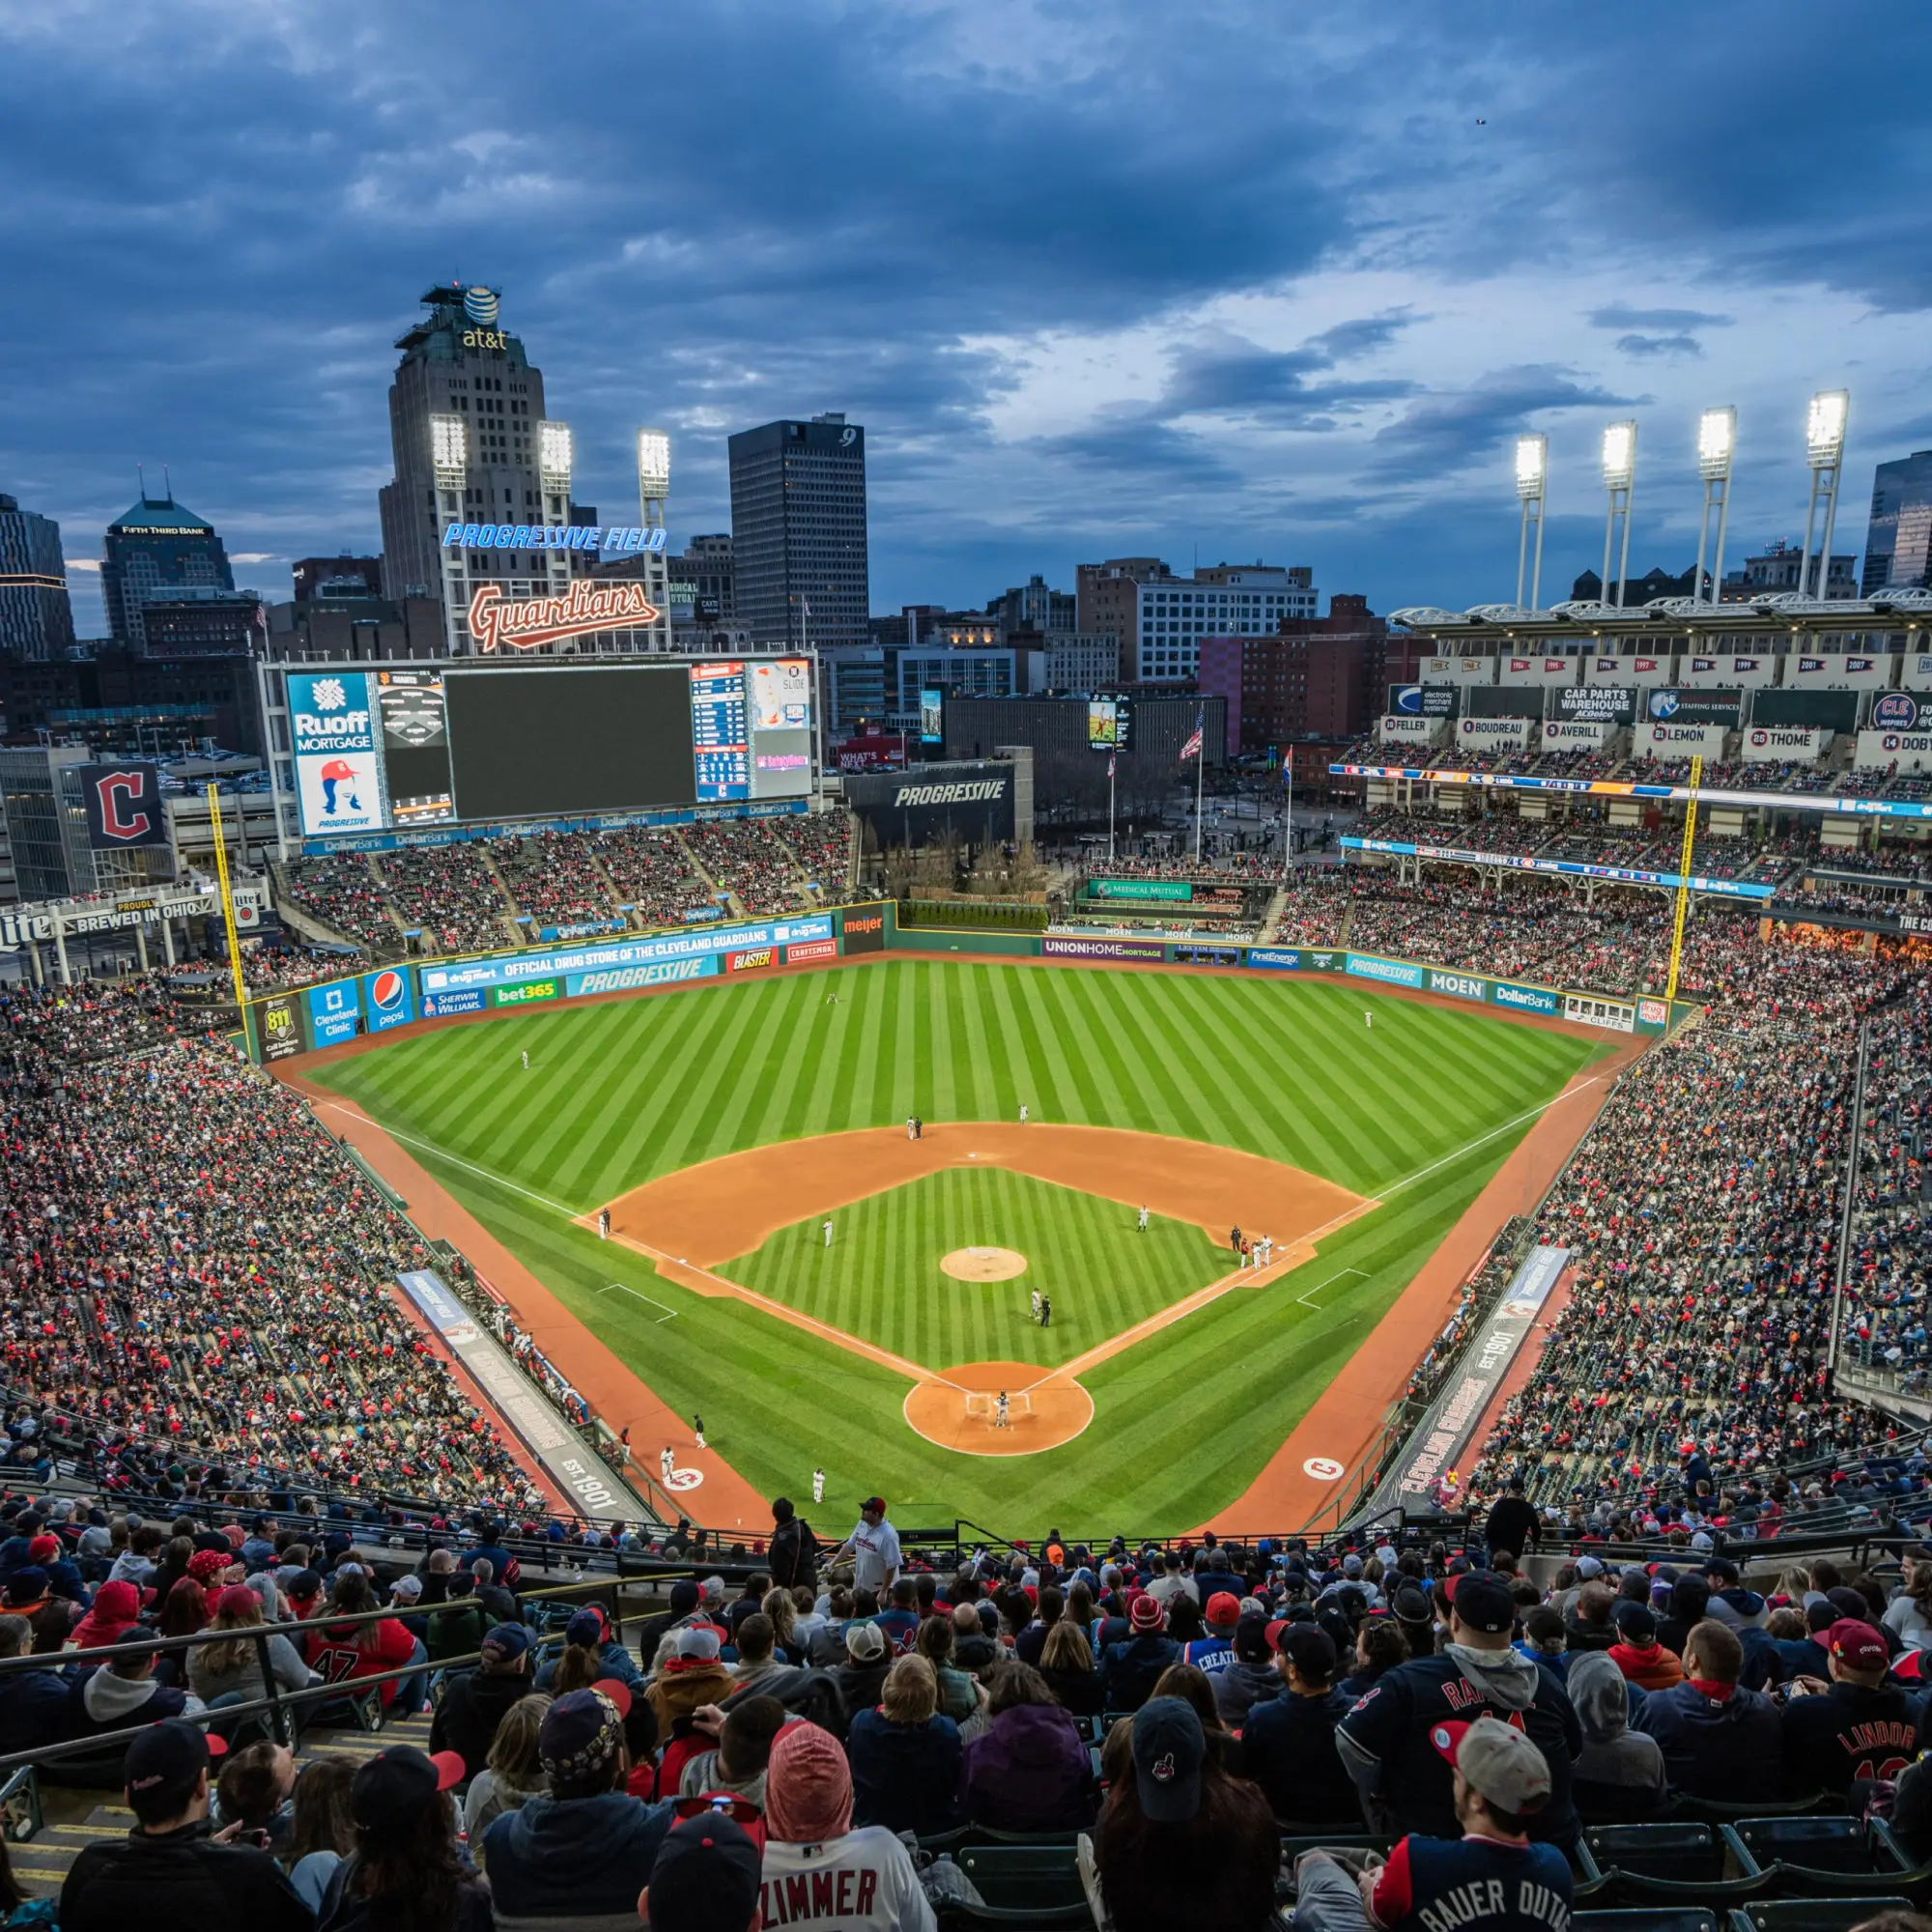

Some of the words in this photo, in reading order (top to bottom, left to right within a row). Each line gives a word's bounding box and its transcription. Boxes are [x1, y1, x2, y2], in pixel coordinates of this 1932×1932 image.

...

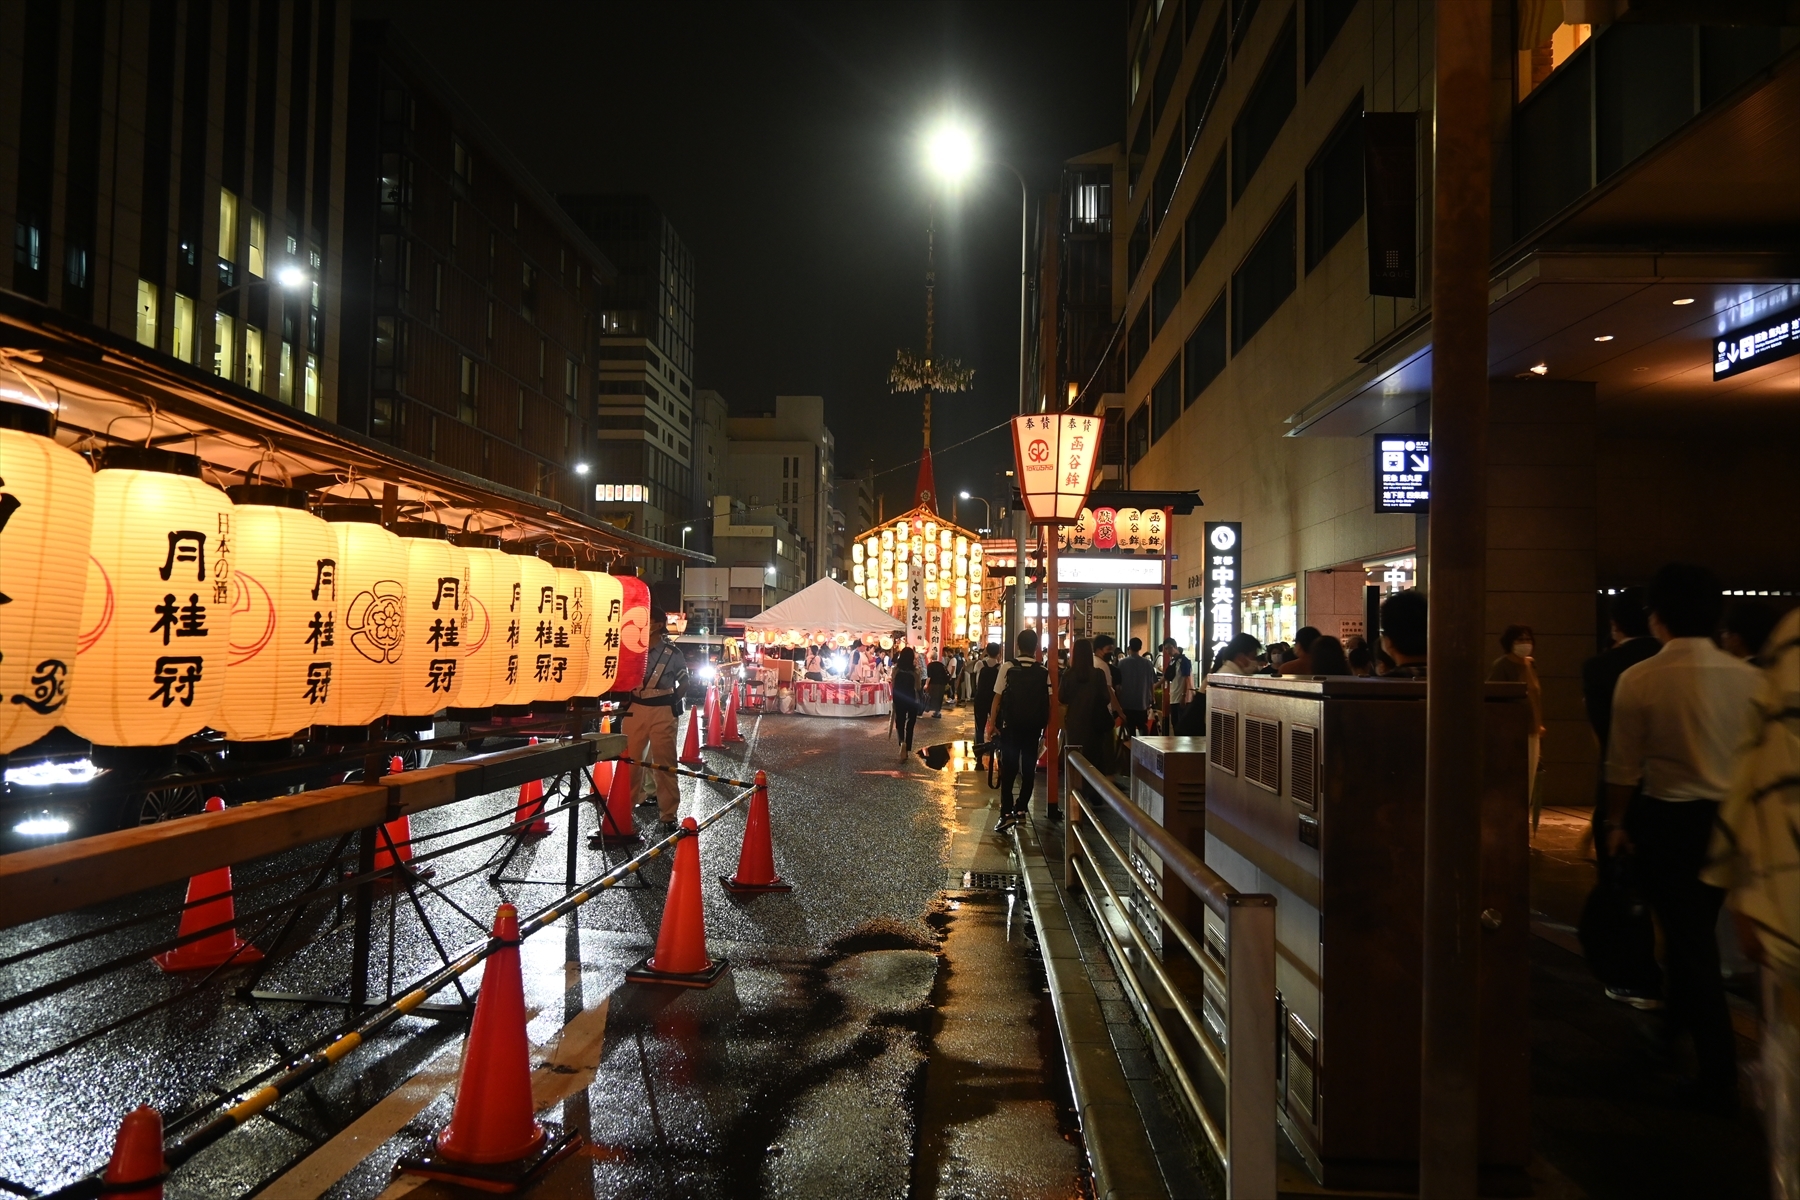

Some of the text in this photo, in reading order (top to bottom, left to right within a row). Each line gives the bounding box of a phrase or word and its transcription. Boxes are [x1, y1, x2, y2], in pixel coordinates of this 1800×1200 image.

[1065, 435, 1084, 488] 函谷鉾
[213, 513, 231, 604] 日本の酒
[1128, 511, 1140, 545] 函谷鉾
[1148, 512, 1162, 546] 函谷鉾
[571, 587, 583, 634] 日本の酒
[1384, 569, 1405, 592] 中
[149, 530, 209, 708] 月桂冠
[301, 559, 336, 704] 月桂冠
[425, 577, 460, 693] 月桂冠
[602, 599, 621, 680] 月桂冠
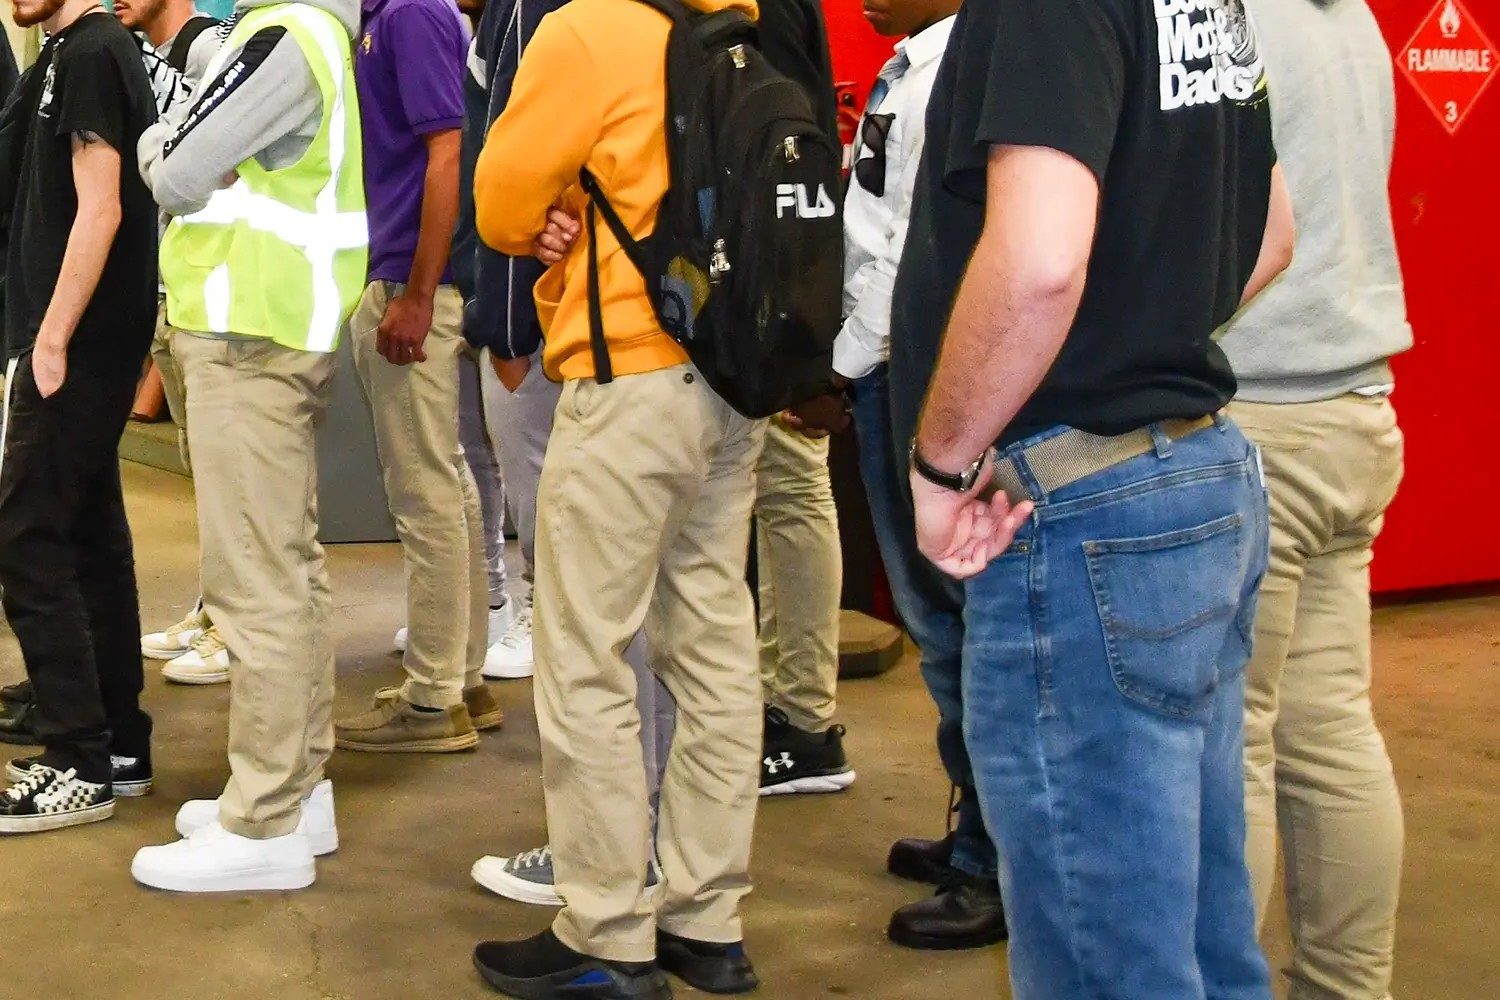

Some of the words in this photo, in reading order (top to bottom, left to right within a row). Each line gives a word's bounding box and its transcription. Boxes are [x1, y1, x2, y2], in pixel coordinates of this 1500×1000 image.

- **What is required**
From the records above, transcribe exactly the lines starting at the one containing "Some of the text" and ending at the one containing "this 1500×1000 image.". Skip the pictures.

- **Solution**
Some of the text in this photo, in reading order (top to bottom, left to right within a row). Each line gives the bounding box of a phrase or word and its transcription. Boxes are [x1, y1, x2, y2], in pixel coordinates of this 1800×1200 image.

[1065, 435, 1084, 488] 函谷鉾
[213, 513, 231, 604] 日本の酒
[1128, 511, 1140, 545] 函谷鉾
[1148, 512, 1162, 546] 函谷鉾
[571, 587, 583, 634] 日本の酒
[1384, 569, 1405, 592] 中
[149, 530, 209, 708] 月桂冠
[301, 559, 336, 704] 月桂冠
[425, 577, 460, 693] 月桂冠
[602, 599, 621, 680] 月桂冠

Some of the words in this photo, in reading order (top to bottom, left to right within a row). Each line gives a word's bounding box and its transcription. Boxes are [x1, y1, x2, y2], in pixel coordinates of this 1500×1000 image.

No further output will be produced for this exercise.